Layouts describe how the memory for the network should be arranged.

Buffer Types

There are three types of buffers that distinguish the way memory should scale

with the input dimensions:

  1. Constant Size: These buffers do not change their size at all. The most common usecase are parameters.
  2. Batch Sized: These buffers scale with the number of sequences in the current batch. An example would be sequence-wise targets, i.e. there is should be one target per sequence.
  3. Time Sized: Scale with both batch-size and sequence-length. Most input data, hidden activations and internal states fall into that category.

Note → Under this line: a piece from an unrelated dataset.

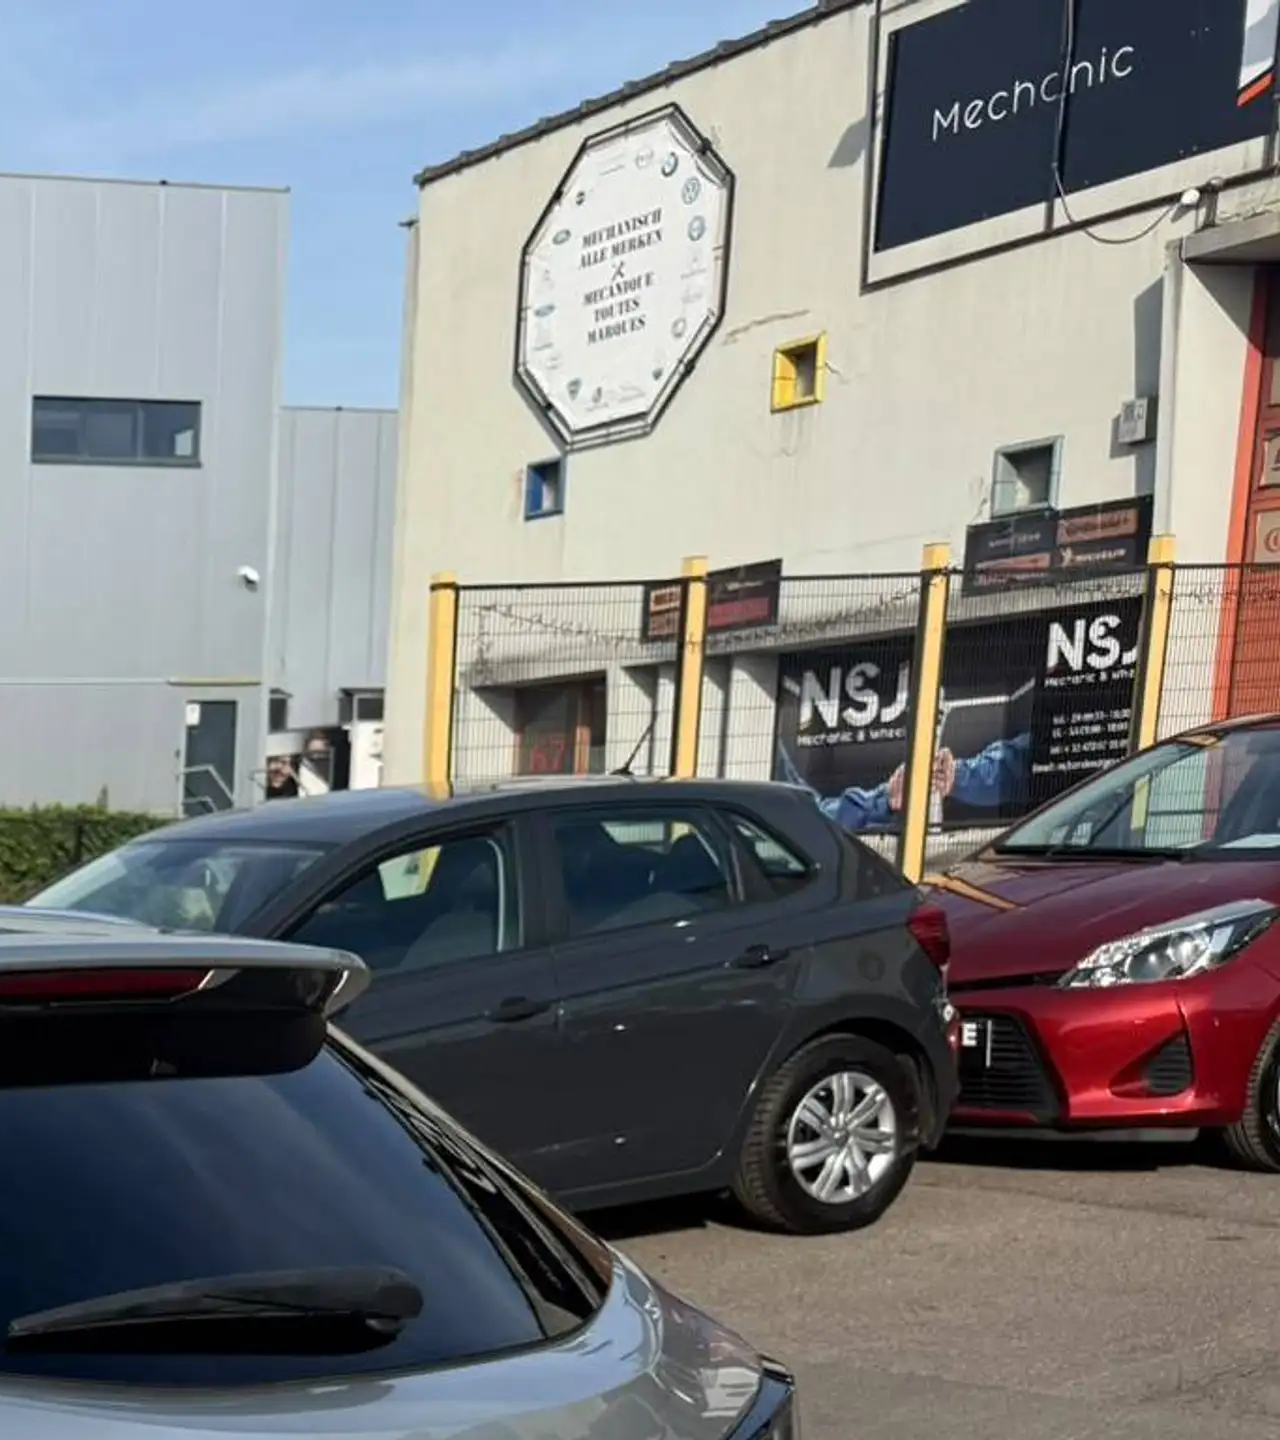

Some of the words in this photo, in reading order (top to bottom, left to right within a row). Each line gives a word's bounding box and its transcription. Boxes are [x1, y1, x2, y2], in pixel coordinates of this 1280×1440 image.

For all types of buffers we specify their size and shape only for the “feature” dimension, i.e. the dimension that does not change. So only for constant size buffer like parameters the specified size and shape will actually be equal to the final size and shape of the buffer. For time sized buffer there would be two additional dimension added to the front of the final buffer shape. So if we specify the inputs should be of shape (28, 28), then the input buffer will be of shape (T, B, 28, 28) where B is the number of sequences, and T is their (max) length.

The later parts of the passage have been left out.